Well, it never goes.
The reason why they do that is so the citizenry will stand up.
No, no, no, no cuts.
No cuts.
Okay.
You don't want any cuts?
Well, not if it means you're going to cut the cops in the farm.
Well, okay, no cuts.
They never, it's a common trick.
But I tell you that the sophistication and the level, the understanding of this is at an all-time high and growing.
That's what the Tea Party is essentially all about.
It's why we need to keep winning elections.
I mean, the ultimate solution to this stuff is winning election after election after election and getting Tea Party-type people in positions of leadership.
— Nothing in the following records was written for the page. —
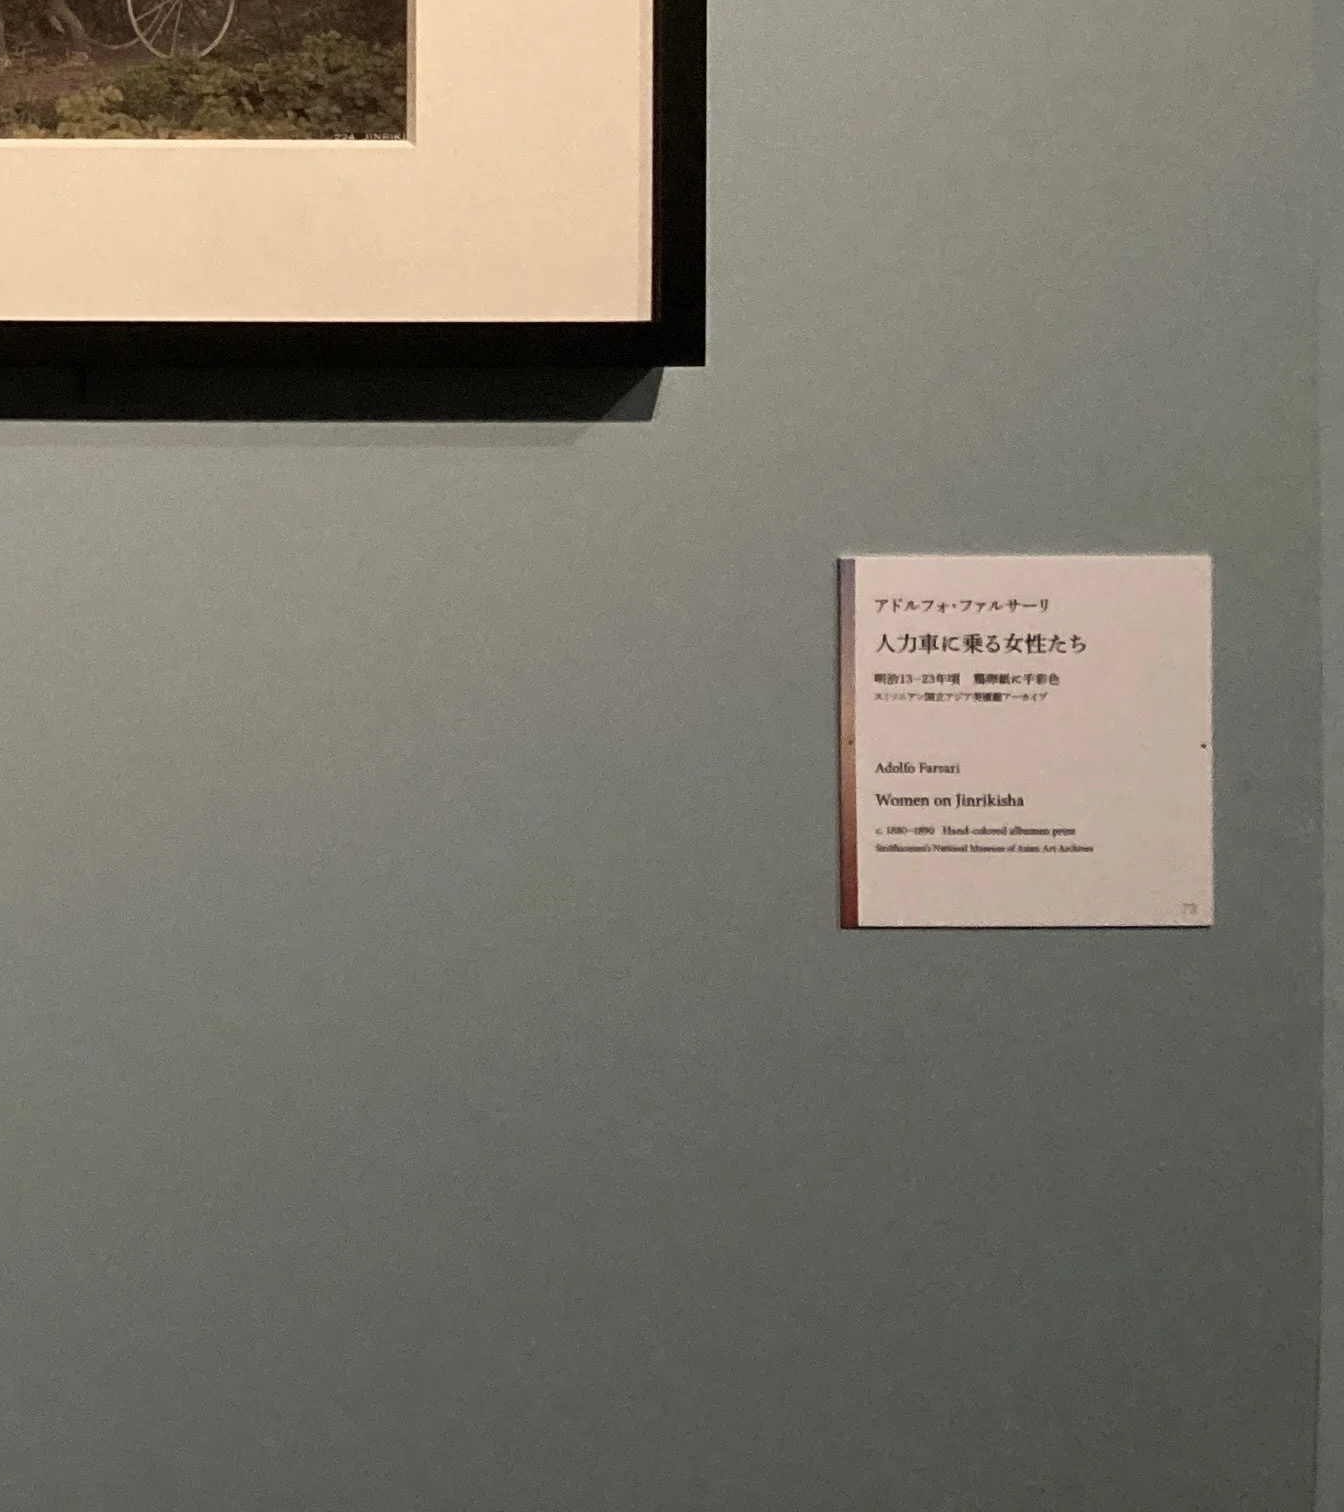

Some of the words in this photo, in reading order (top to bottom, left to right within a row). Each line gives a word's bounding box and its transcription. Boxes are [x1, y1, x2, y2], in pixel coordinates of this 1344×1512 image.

[876, 632, 1087, 655] 人力車に乗る女性たち
[874, 761, 917, 774] Adolfo
[918, 761, 961, 774] Farsari
[874, 793, 930, 807] Women
[933, 796, 952, 808] on
[955, 792, 1025, 809] Jinrikisha
The Rubios, whose name has come up today, and Paul Ryan, get them in leadership positions, and then the dynamic changes entirely.
Appreciate the call, Raj.
We'll take a brief timeout.
We'll continue after this.
Don't go away.
Grand Rapids, Michigan.
Hello, Dave.
Great to have you with us on the program, sir.
Hello.
Rush, we have fought the good fight.
The Speaker has fought the good fight.
We have concessions.
There will be no taxes in this agreement.
We have two options, Rush.
We have the Speaker's plan or Reed's plan.
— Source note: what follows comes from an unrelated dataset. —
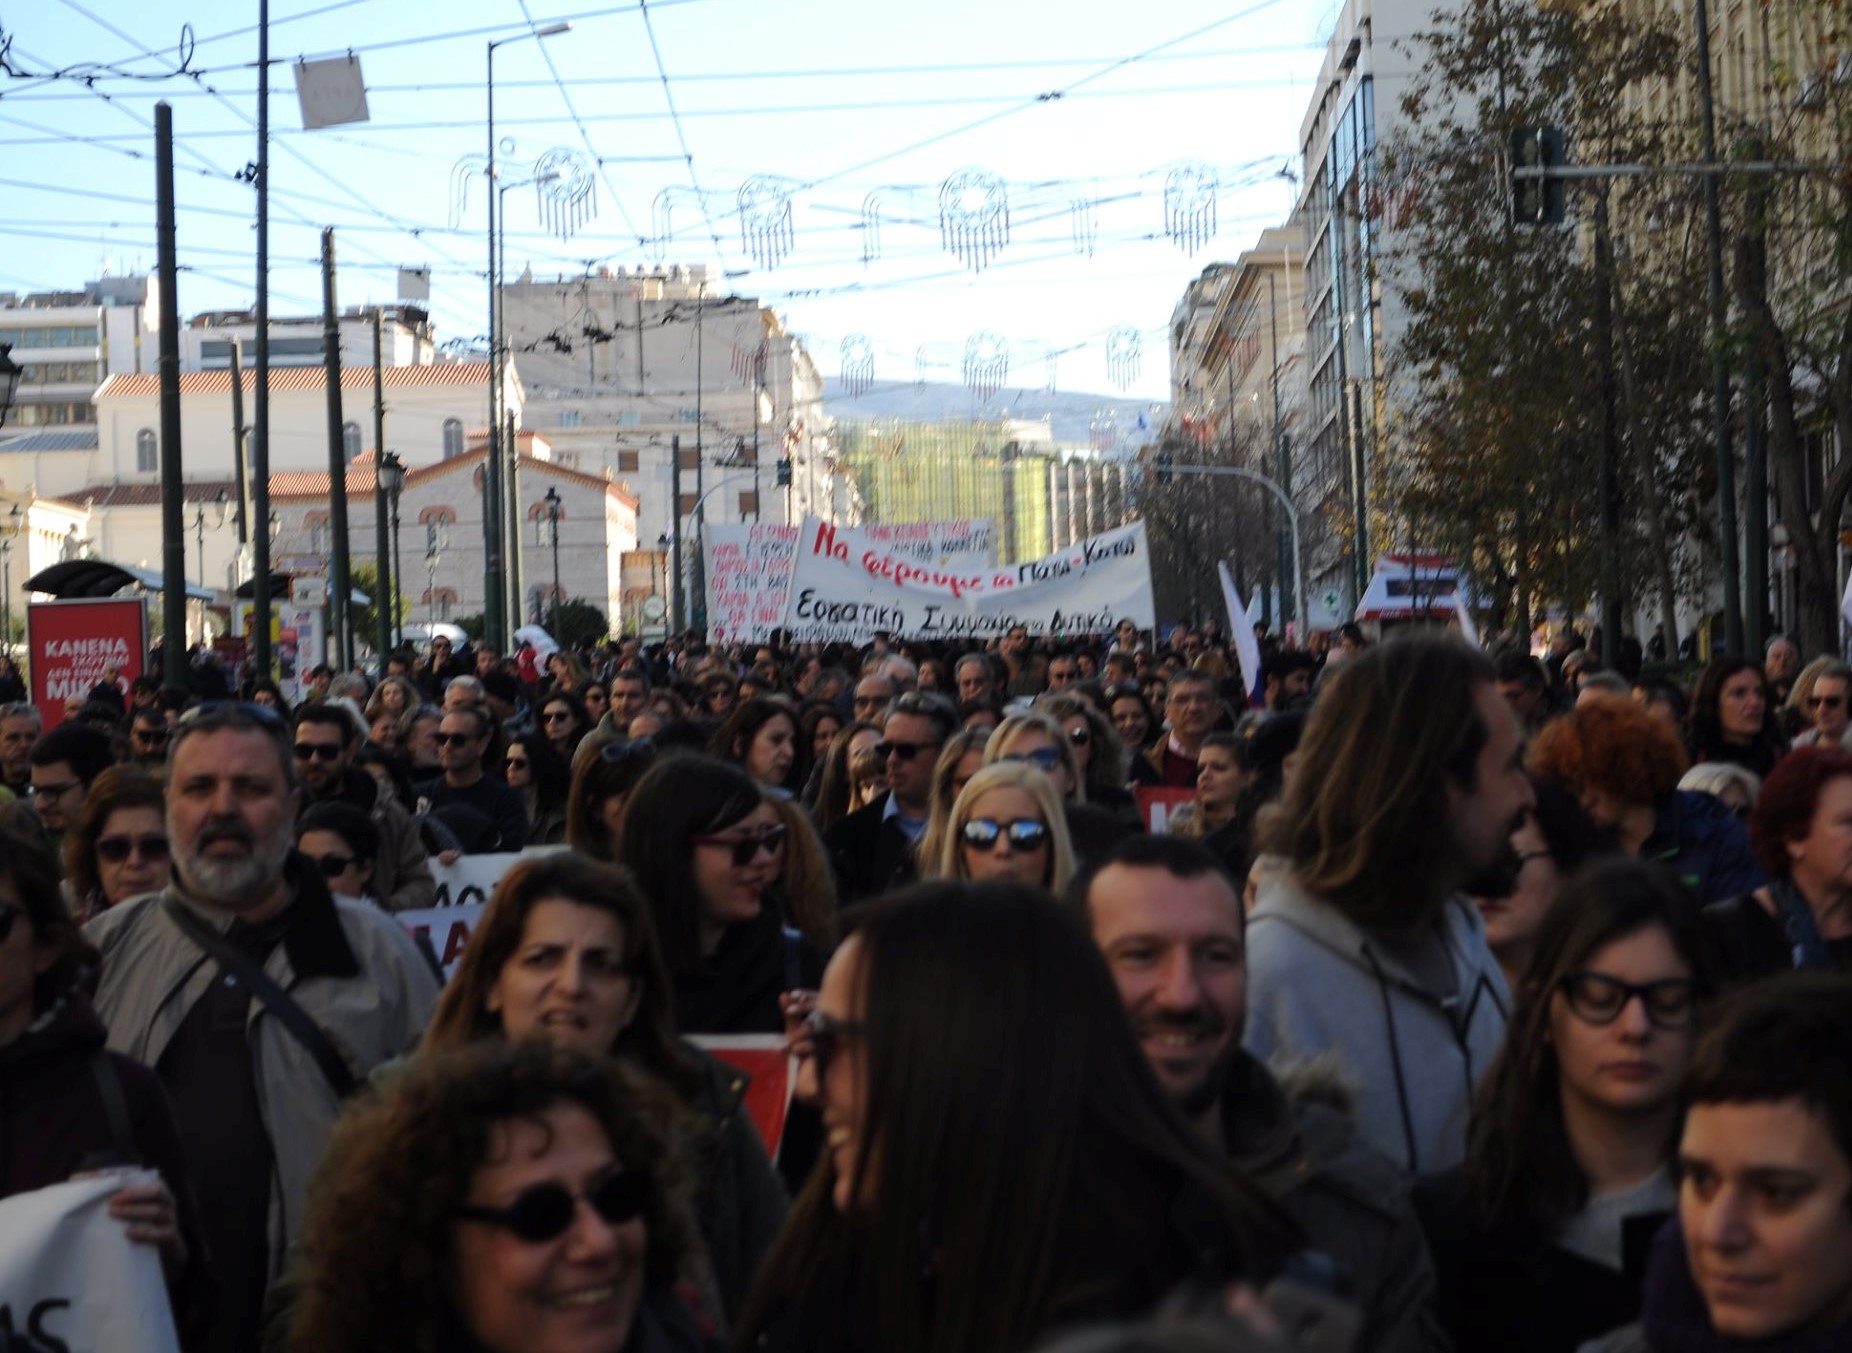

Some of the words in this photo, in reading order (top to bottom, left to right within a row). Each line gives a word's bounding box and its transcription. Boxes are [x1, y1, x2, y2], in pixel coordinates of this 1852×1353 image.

Rush, you said many times, we live in Rielville.
This is real, Realville, Rush.
We have two plans: the Speaker's or the Senator Reed's plan.
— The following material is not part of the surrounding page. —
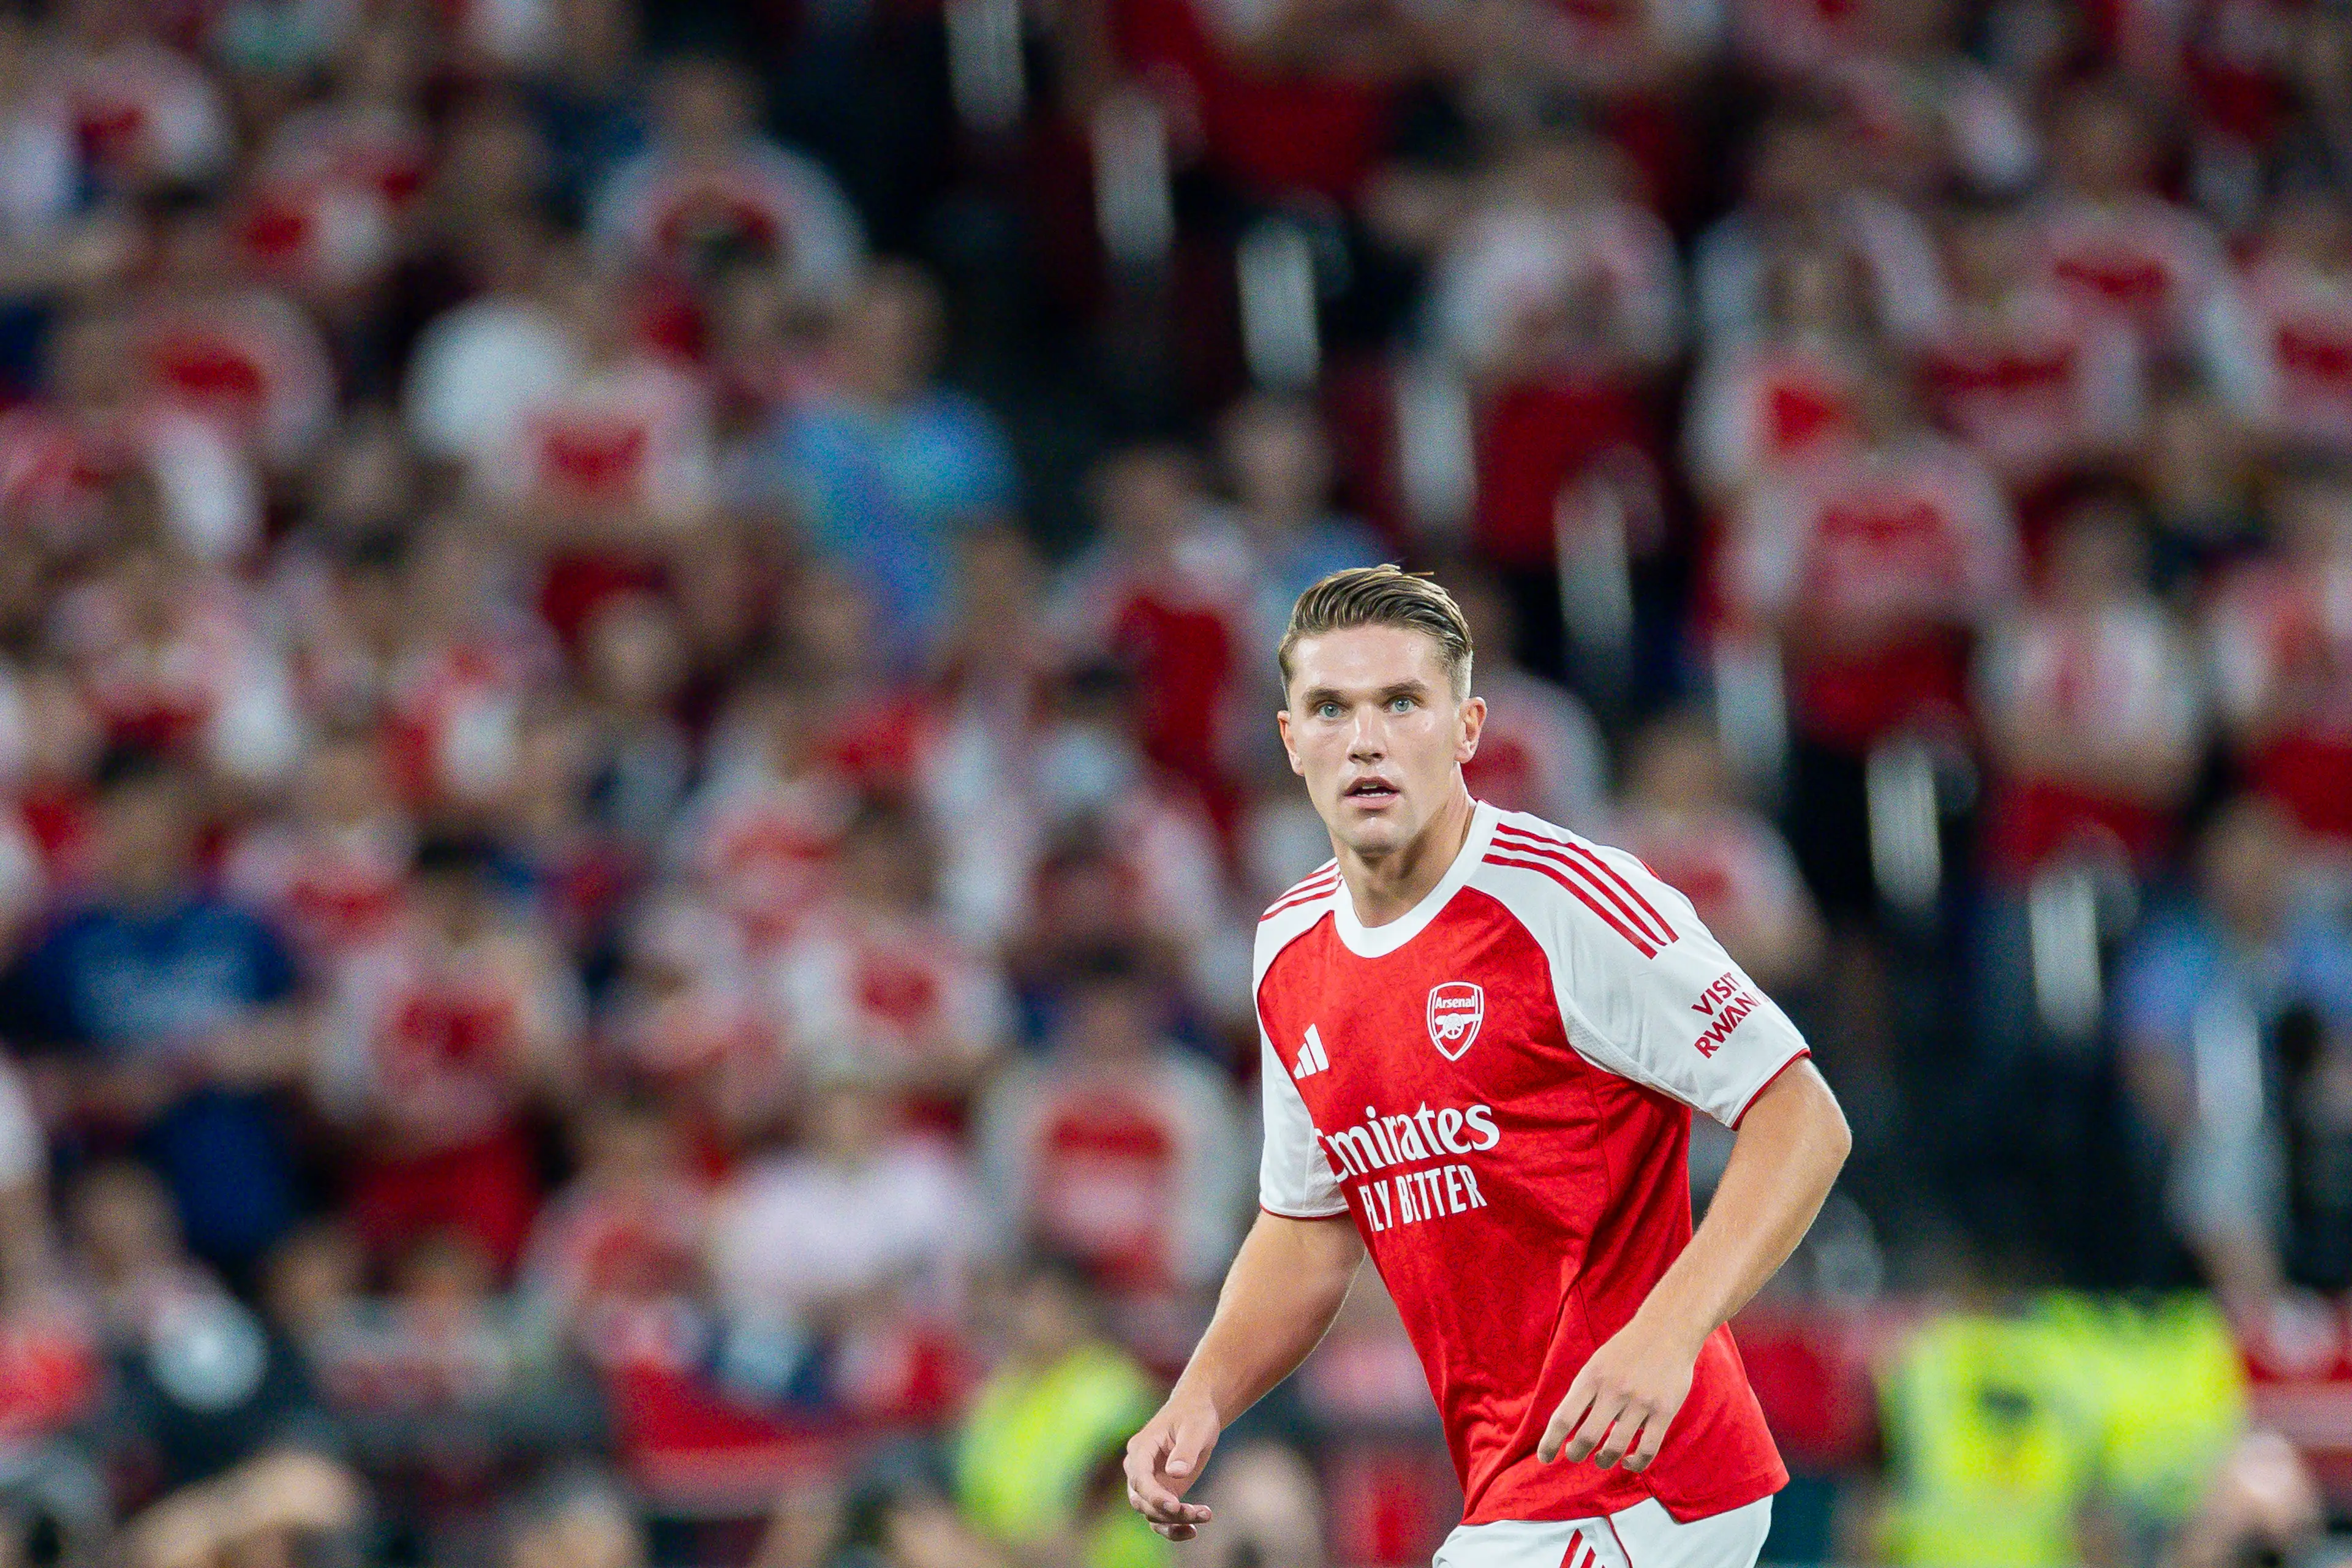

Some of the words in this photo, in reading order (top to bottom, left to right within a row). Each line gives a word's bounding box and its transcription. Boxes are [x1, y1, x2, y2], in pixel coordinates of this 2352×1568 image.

[1435, 995, 1475, 1009] Arsenal
[1691, 972, 1741, 1016] VISIT
[1358, 1180, 1393, 1232] FLY
[1395, 1164, 1487, 1224] BETTER
The Speaker's plan is way better for us than Senator Reed's plan will ever be.
Senator Reed's plan doesn't have the votes.
Senator Reed's plan is not going to give votes, and the Boehner plan doesn't have any votes in the Senate.
Rush, they're going to have to pass Boehner's plan.
It's the only thing left on the table.
No, no, wait a second.
Where is this coming from?
On what basis do we have to pass anything right now?
Rush, the president has the bully pulpit.
He will turn this on us.
He will blame everything on the Republican Party.
We can't take the chance.
At least the Speaker's plan is a step in the right direction, Rush.
It's our only option.
We're going to get blamed no matter what happens.
By the way, Dingy Harry has already announced that not one Democrat will vote for the Boehner plan.
I don't understand why.
Why do you want to cave right now?
I don't want to cave.
I'm not caving, Rush.
You are.
It's July 27th.
We're not going to default.
What is it?
Why do you think the best plan out there has already been proposed?
Rush, what if all the things that they say are going to happen happen?
It will be blamed on the Republican Party, and it will be four more years of Obama.
With this, we at least have fought the good fight.
We have another election in 2012.
We get more people in that think like we do, and we make the real changes that need to be made.
I don't know if we do the wrong plan here.
We've just re-elected Obama.
No, Rush, this is a step in the right direction.
We'll still be able to run.
All of our leaders will be able to say we would have done more if we had more of the right people in government, but they're just not there, Rush.
We don't have this sound.
I guarantee you.
If they say that, it's hello, third party.
If they go out, because it's Obama who's on the right.
Rush.
The third party, third party equals Obama re-election.
I know.
That's exactly what I'm telling you.
The Tea Party needs to understand that.
That third party equals Obama re-election.
I know.
And you're giving me the architectural mechanism to create a third party here.
Rush, a third party will equal Obama's reelection, and the Tea Party and anybody else that would like to start a third party need to fully understand that.
You're not hearing me.
I am.
I'm trying, Rush.
What I'm telling you is, is that if we go out and say, okay, this is the plan, and this is the best we can do, but we need four more years and we need another election, that will create a third party.
No, no.
Well, no.
It will because it's giving up.
It's because it's waving the white flag, because it's saying, we won that November election in a landslide.
In a landslide, and the result of that landslide is, this is the best we could do.
We need one more election.
It would be looked at as a cave.
Be right back.
Well, again, a bunch of stuff I didn't get to.
Like there's a doctor's group that says hot dogs now are as dangerous as cigarettes.
So I'm going to put that with the stack from Bill Keller.
New York Times says there's too many books out there.
There's all kinds of stuff that we've got to discuss.